Nitrogen (N) bioavailability affects phytoplankton growth and primary production in the aquatic environment. N bioavailability is partly determined by biological N cycling processes that either transform N species or remove fixed N. Reliable estimates of their kinetic parameters can help understand the distribution of N cycling processes. However, available estimates of kinetic parameters are often derived from microbial isolates and may not be representative of the natural environment. Observations are particularly lacking in estuarine and coastal waters. We conducted isotope tracer addition incubations to evaluate substrate affinities of nitrification, denitrification and anammox in the Chesapeake Bay water column.
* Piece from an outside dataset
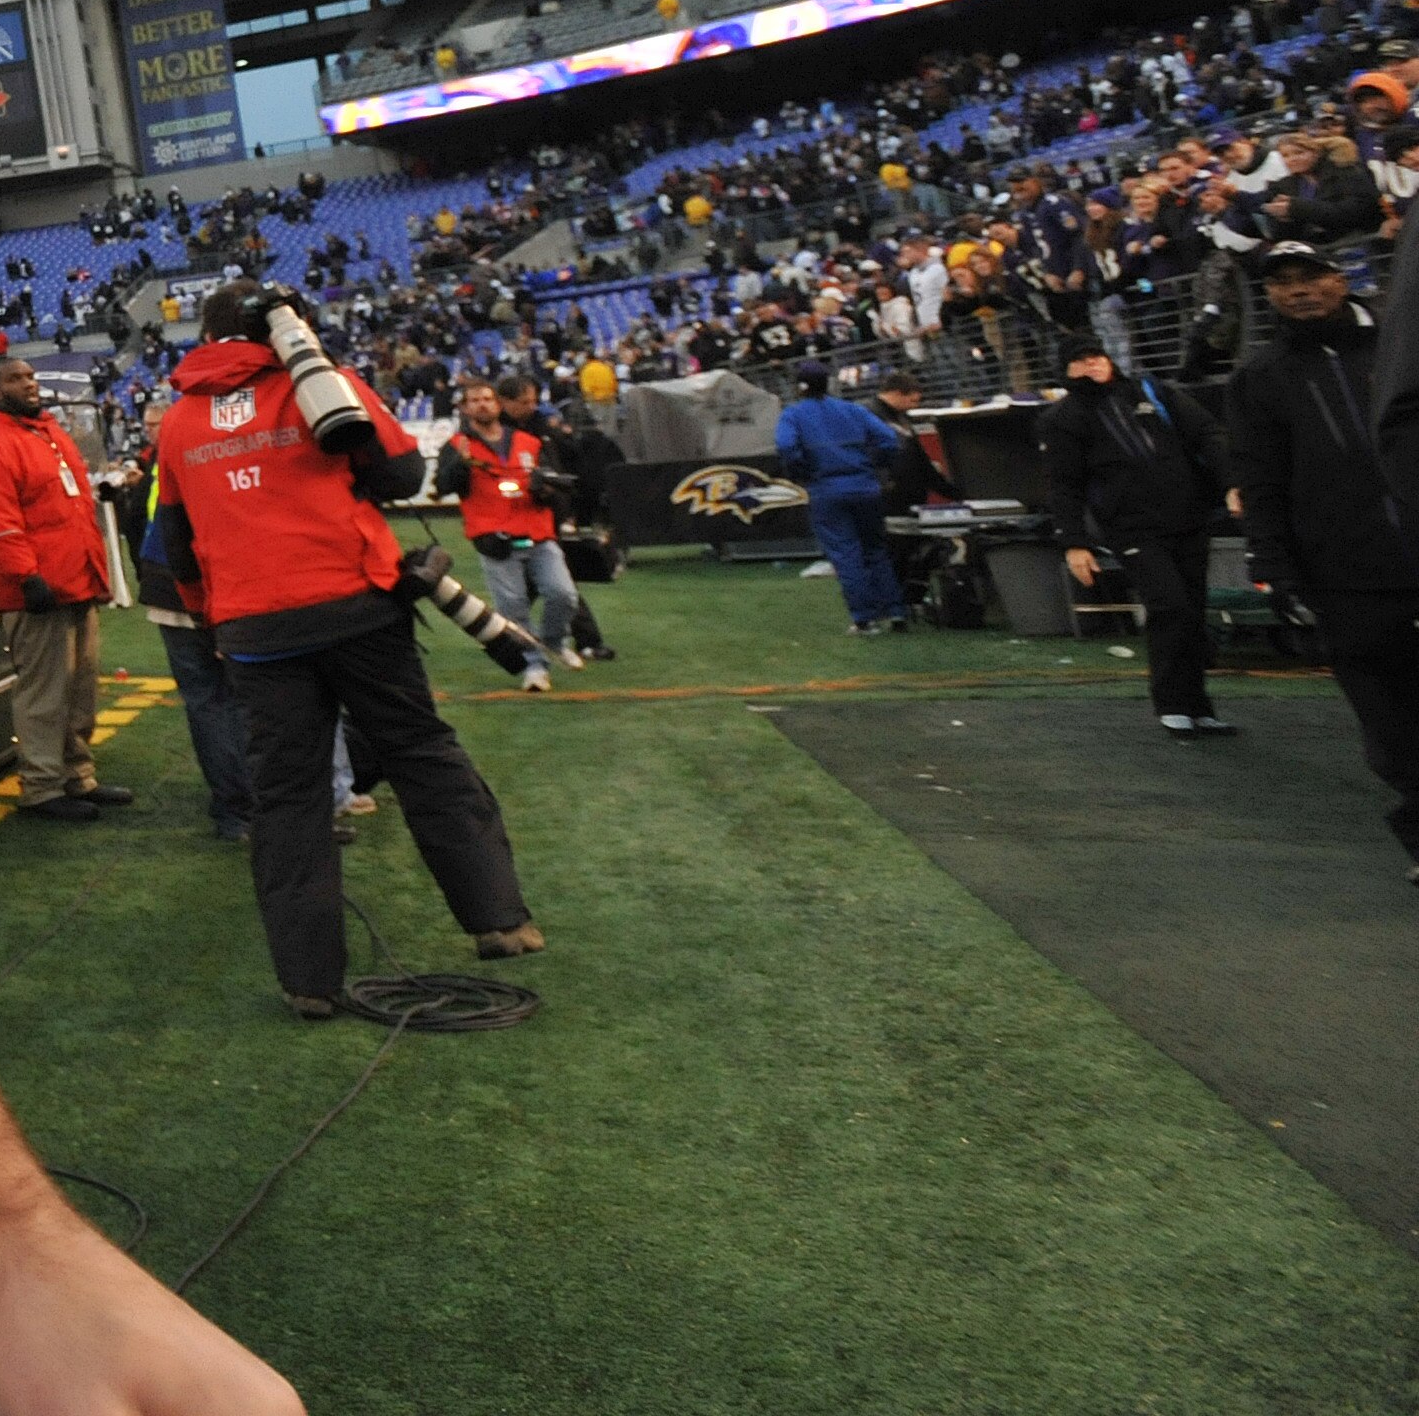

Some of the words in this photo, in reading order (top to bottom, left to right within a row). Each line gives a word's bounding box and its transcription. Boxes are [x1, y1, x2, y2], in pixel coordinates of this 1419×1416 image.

[138, 45, 228, 87] MORE
[217, 402, 254, 425] NFL
[226, 466, 261, 492] 167
The half-saturation constant for ammonia oxidation ranged from 0.38 to 0.75 μM ammonium, substantially higher than observed in the open oceans. Half-saturation constants for denitrification—0.92–1.86 μM nitrite or 1.15 μM nitrate—were within the lower end or less than those reported for other aquatic environments and for denitrifier isolates. Interestingly, water column denitrification potential was comparable to that of sedimentary denitrification, highlighting the contribution of the water column to N removal during anoxia. Mostly undetectable anammox rates prevented us from deriving the half-saturation constants, suggesting a low affinity of anammox. Using these substrate kinetics, we were able to predict in situ N cycling rates and explain the vertical distribution of N nutrient concentrations. Our newly derived substrate kinetics parameters can be useful for improving model representation of N nutrient dynamics in estuarine and coastal waters, which is critical for assessing the ecosystem productivity and function.